Hi! I’m William “Lee” Dubois (called either Wil or Lee, depending what part of the internet you’re on). I’m a diabetes columnist and the author of four books about diabetes that have collectively won 16 national and international book awards. (Hey, if you can’t brag about yourself on your own blog, where can you??) I have the great good fortune to pen the edgy Dear Abby-style advice column every Saturday at Diabetes Mine; write the Diabetes Simplified column for dLife; and am one of the ShareCare diabetes experts. My work also appears in Diabetic Living and Diabetes Self-Management magazines. In addition to writing, I’ve spent the last half-dozen years running the diabetes education program for a rural non-profit clinic in the mountains of New Mexico. Don’t worry, I’ll get some rest after the cure. LifeAfterDx is my personal home base, where I get to say what and how I feel about diabetes and… you know… life, free from the red pens of editors (all of whom I adore, of course!).

Thursday, August 01, 2013

Mad Science 1: Alien Autopsy


The body had been dead for a few days, but luckily for me, it hadn’t started to decompose yet. I had all the tools I needed for the postmortem assembled and laid out carefully on the sterile field: Pliers, various sizes of screw drivers, a razor knife, and a Dremel tool—just in case things got dicey. Actually, that inventory sounds more like the tools used in a Banana Republic torture chamber than the surgeon’s tools of the trade used in a proper autopsy.

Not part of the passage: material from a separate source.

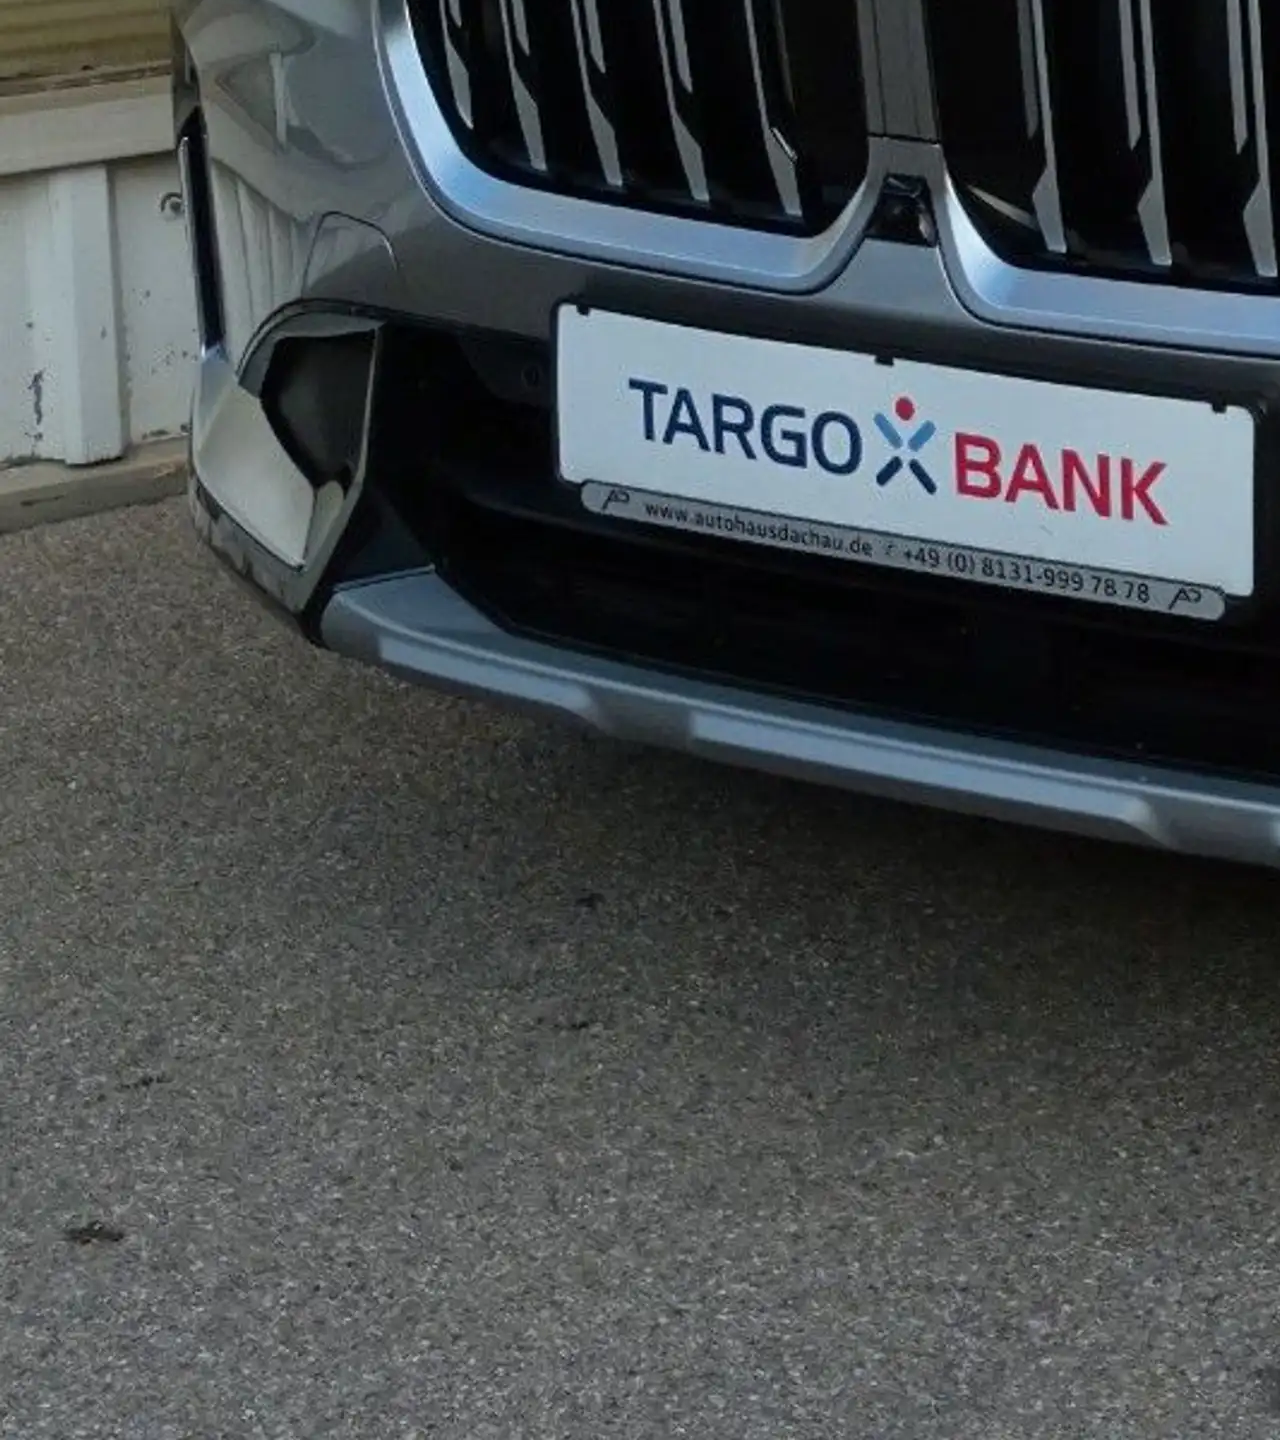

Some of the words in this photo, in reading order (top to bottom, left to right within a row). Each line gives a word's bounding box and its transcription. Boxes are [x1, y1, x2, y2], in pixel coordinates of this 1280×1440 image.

Oh well. And there’s one other difference between this procedure and a proper postmortem: I’ve no interest in the cause of death. We know why the Snap body died. It reached the normal end of its natural life. What I’m really out to discover is not the cause of death, but the cause of life. I’m out to figure out just how the disposable Snap body works in the first place.

Donning a white lab coat, surgical mask, and protective goggles, I centered the bright exam light over the corpse, and got started. First I disconnected the prism-hub tubing connector. Then I pried out the glass Humalog penfill, by some miracle not breaking it in the process. Next, I used a flat wide-bladed screw driver to try to pry apart the sealed seams of the body from the inside of the insulin chamber. To my delight, the seams effortlessly split asunder. The body opened up like a clam shell.

Nurse, put away the Dremel tool, I ordered in my best terse-surgeon voice.

“But Daddy, I’m not a nurse,” objected Rio.

Kids today. No fucking imagination. That’s the whole problem with society.

(((Sigh)))

After accomplishing the hardest part of the autopsy without incident, I proceeded to drop the fucking thing on the floor while moving it to better light to photograph it. Shit! I’ll be pulling small screws and springs out of the bottom of my bare feet for weeks.

Anyway, here’s what most of the pieces, once I put it back together as best as I could, look like:


The first thing I noticed was that it’s powered by an Energizer Bunny battery. Who knew that hyper rabbit had diabetes? I tell you, we are everywhere!

Looking closer, we can see taht the body of the Snap has not one heart, but four: Power, motor, gears, and something new and wonderful. Let’s start with that last one first. Look at this picture:


Across the bottom-left two thirds you can see the plunger driver. Well, what’s left of it after my unfortunate dropping-the-dead incident. To the right and wrapping around the chamber is a strange goo. These are one and the same. The penfill plunger is forced upwards, delivering insulin, by a flexible tube of waxy plastic which in this body is nearly used up, as I drank every drop of insulin it had to offer. I saw these white tube-like structures at their factory, but didn’t realize what they were. They just looked like little lengths of rope to me at the time.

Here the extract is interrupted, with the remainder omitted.